There, he changed clothes, put on a suit, and spread out the files to start a comparative analysis of Rémy Goyois and Philippe Sadie, looking for a connection between the two presumed victims . He saw that the two cases had very little in common.Both men were in their mid-twenties, tall, lanky, with good features, chiseled, and crew cuts.Neither of them has a father: Philippe Sadie's father died of liver cancer two years ago; only Rémy Goujois also lost his mother, who died when he was eight.One last thing in common: Both young men have inherited their father's career.Goyowa is the librarian and Sadie is the assistant nurse.
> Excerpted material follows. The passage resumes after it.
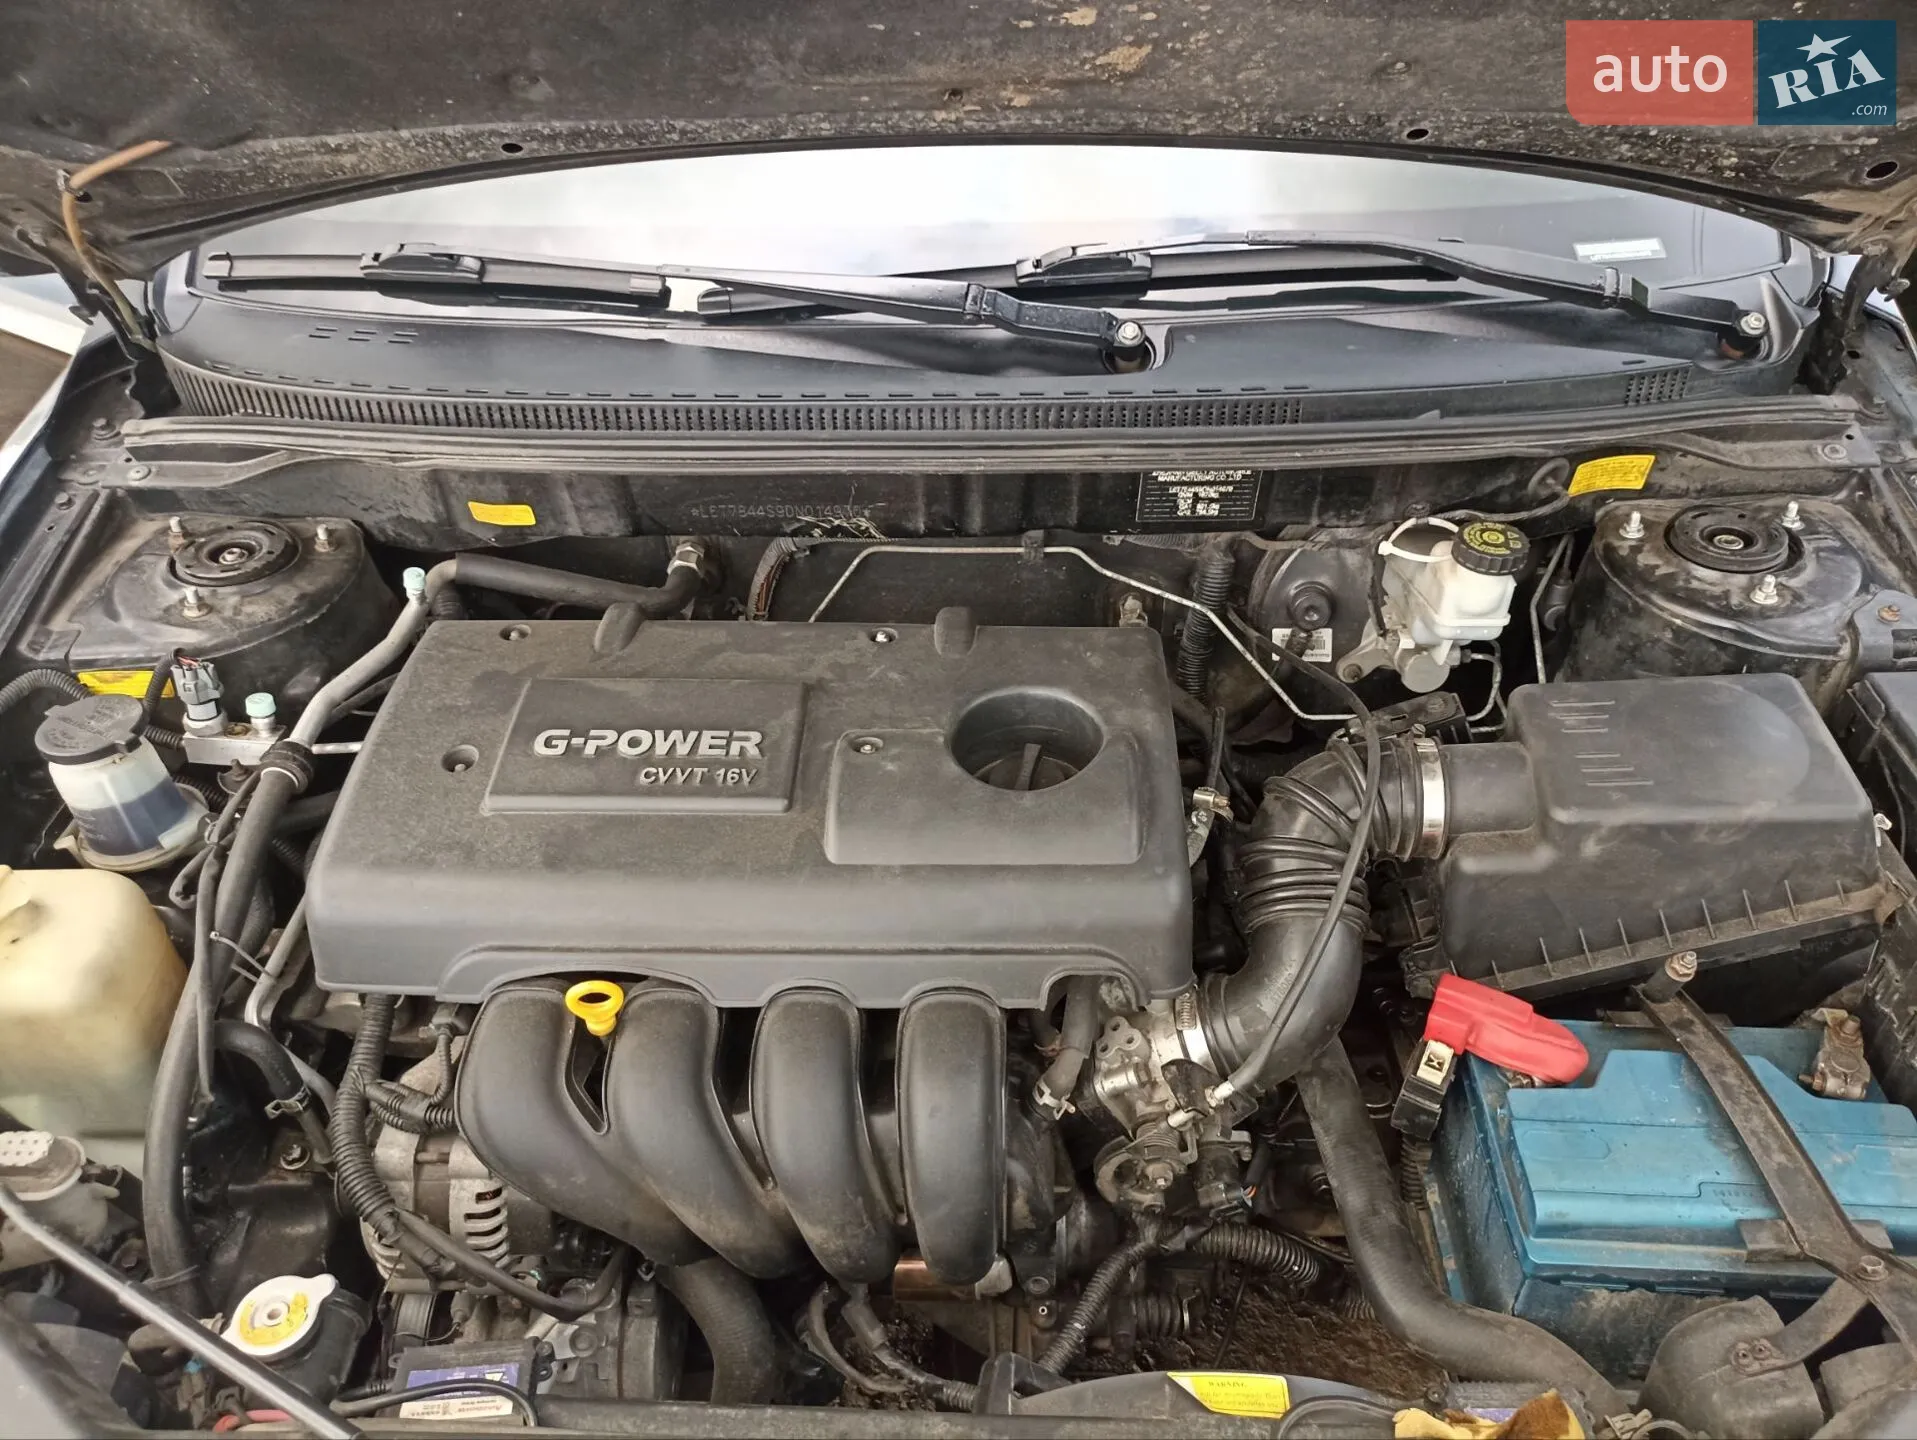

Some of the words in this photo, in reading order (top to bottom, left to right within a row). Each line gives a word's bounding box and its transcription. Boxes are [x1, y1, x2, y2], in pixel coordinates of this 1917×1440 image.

[534, 728, 763, 759] G-POWER
[640, 767, 708, 786] CVVT
[715, 767, 758, 787] 16V
As for the differences, there are many.Goyowa and Sadie go to different schools.They grew up in different neighborhoods, in different social classes.Rémy Gojois was born in the middle class, raised in an intellectual family and in a university environment.Philip Sadie was the son of an unknown maternity nurse at the hospital. He followed his father to work in the hospital at the age of fifteen.He still lives in his family's dilapidated house, next to Ganon. Rémy Goujois lives in books, Philippe Sadie in the hospital at night.The latter doesn't seem to have any hobbies.If there is, it is to hide in the aisle that smells of disinfectant, or play video games in the beer hall opposite the hospital in the evening.Goyova was refused enlistment, and Sadie served in the infantry company.One is married and one is single.One is an avid walker and climber, and the other never seems to leave town.One is schizophrenic and may have violent tendencies; the other is, as everyone said, "gentle as an angel."
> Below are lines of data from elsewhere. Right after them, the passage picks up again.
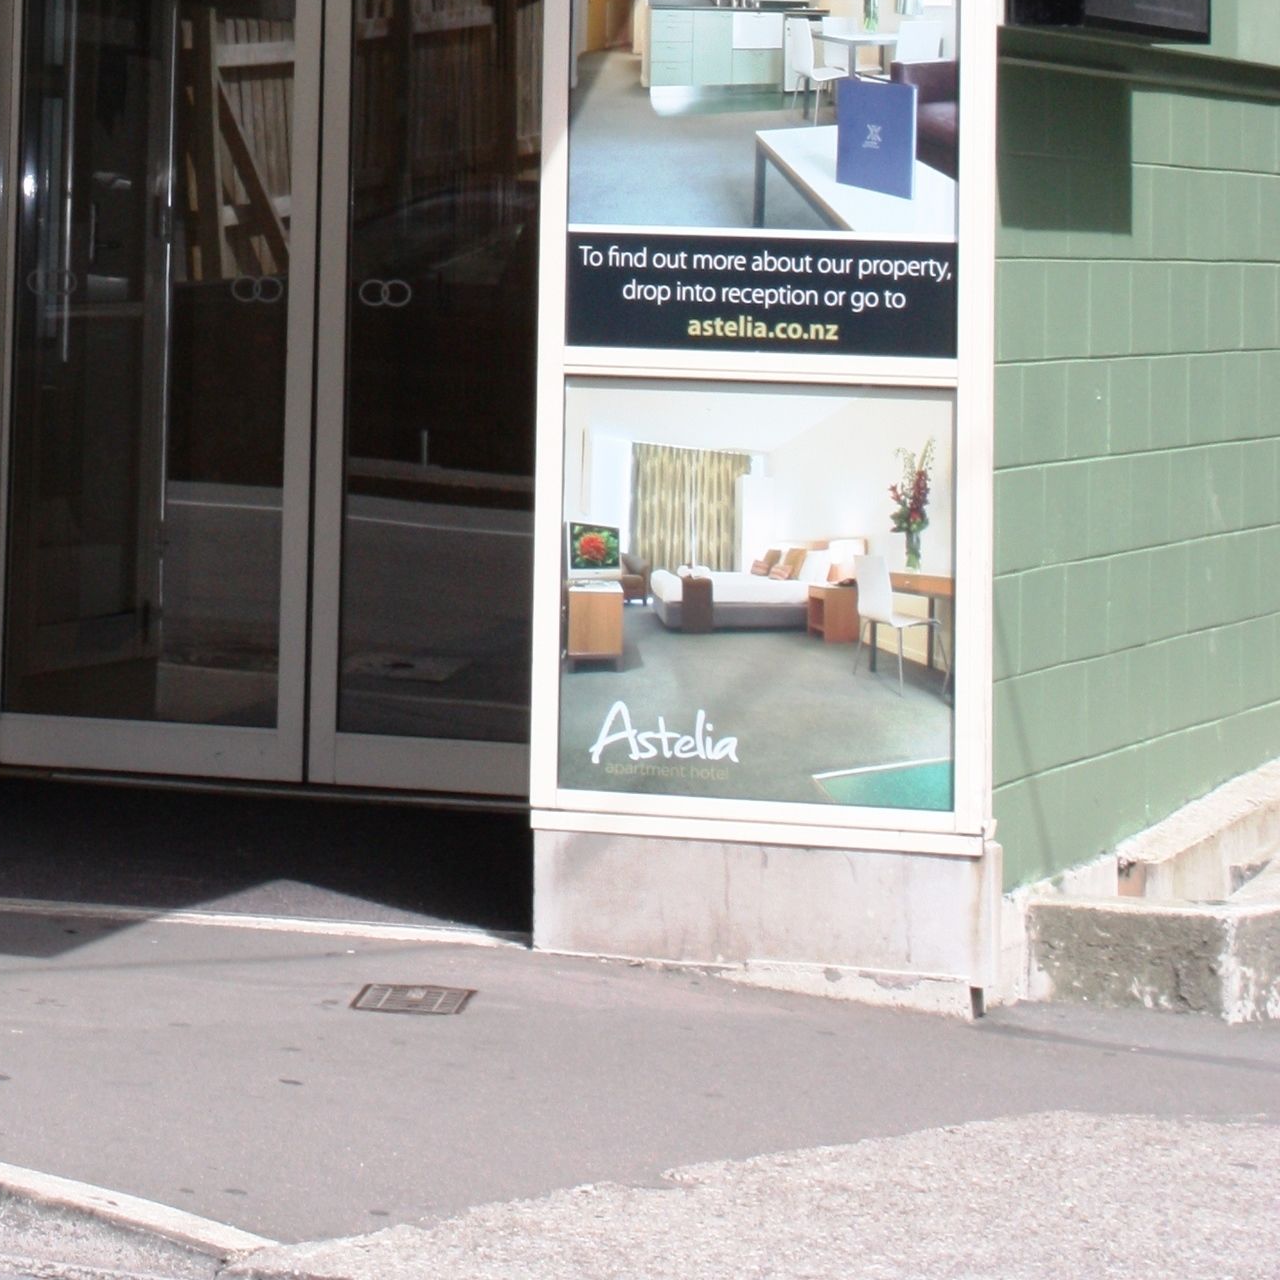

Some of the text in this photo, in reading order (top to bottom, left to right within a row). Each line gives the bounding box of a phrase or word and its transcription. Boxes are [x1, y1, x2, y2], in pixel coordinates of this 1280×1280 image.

[579, 245, 952, 282] To find out more about our property,
[623, 279, 906, 312] drop into reception or go to
[687, 316, 839, 341] astelia.co.nz
[588, 700, 740, 764] Astelia
[604, 761, 730, 782] apartment hotel
It must be admitted that the only thing the two men have in common is their looks: thin face, size, and slender figure.Is it true that, as Barna said, the murderer chooses his prey based on their appearance? For a moment, Nyman contemplates the sex crime: The killer could be a repressed homosexual, obsessed with that type of young man.But the forensic doctor has clearly stated: "This is not his hobby, not at all." Through the wounds and mutilations of the first corpse, the doctor saw a kind of indifference, a kind of cruelty, and a kind of madness that has nothing to do with abnormal desires. Coherent torture.On the other hand, there were no signs of sexual abuse on the body.
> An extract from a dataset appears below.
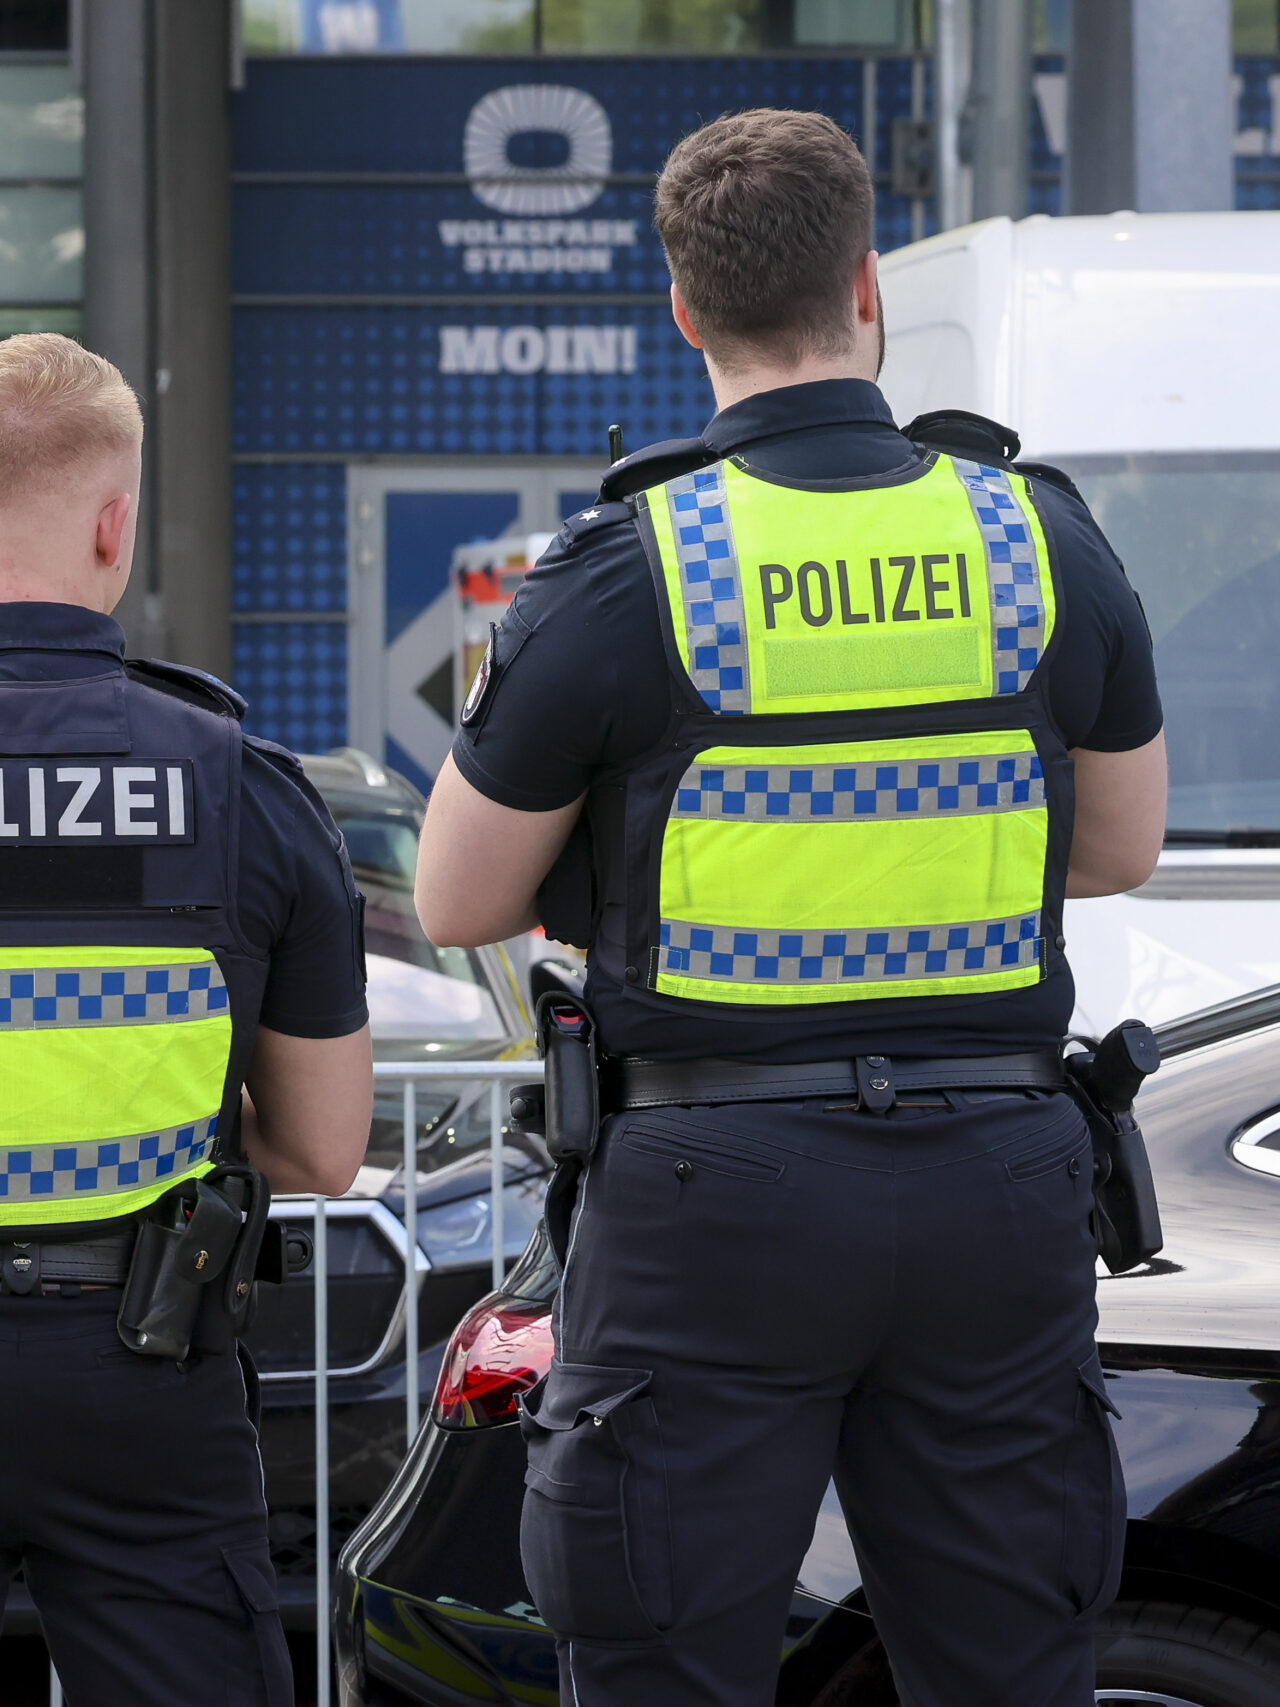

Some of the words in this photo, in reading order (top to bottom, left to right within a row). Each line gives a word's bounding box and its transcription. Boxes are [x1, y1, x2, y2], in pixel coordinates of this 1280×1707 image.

what is that? The madness of the murderer may be of another kind.All the signs, the similarity and the time interval between the presumed victims point to the murderer being a psychopath.Suffering from an intense mental illness, he would continue to kill.Some other arguments can also support this hypothesis: the clues of the first corpse lead people to the second, the embryo posture, the gouged out eyes, and the corpse is placed in a strange place where few people go... However, Nieman has always Disagree with this assertion. First, in his experience, the concept of a "serial killer" was borrowed from the United States and was the subject of many literary works and popular films.But in real life, this extremely cruel tendency has never appeared.In a career spanning two decades, Nieman has hunted down murderous pedophiles, brutal rapists and sadistic sadists who went too far with the sadistic game.However, it is not strictly French that serial killers do not kill their victims without a motive or a sign.After analyzing this point, the police chief also found it funny, but the facts are in front of his eyes: the latest serial murderer in France is named Landroux, also known as Dr. Petiot. He has a taste of the petty bourgeoisie. Swag and legacy.But this case has nothing in common with the sensational bloodthirsty cases in the United States.

The sheriff looked again at the photographs of a young Philippe Sadie scattered across the desk, and then at the photographs of Rémy Gojois.The film of the first body fell out of the hard-shell folder, and the sheriff felt a sudden horror: he couldn't just wait with his arms waving.While he was looking at the Polaroids, a third person might be undergoing a horrific ordeal, a cleaver might be slicing into his eye socket, hands in plastic gloves might be ripping out his eye. At eight o'clock in the evening, Nieman got up and turned off the neon lights in the room.He decided to dig into Philip Sadie's life and maybe find some clues.

Or maybe it was just something else the two victims had in common.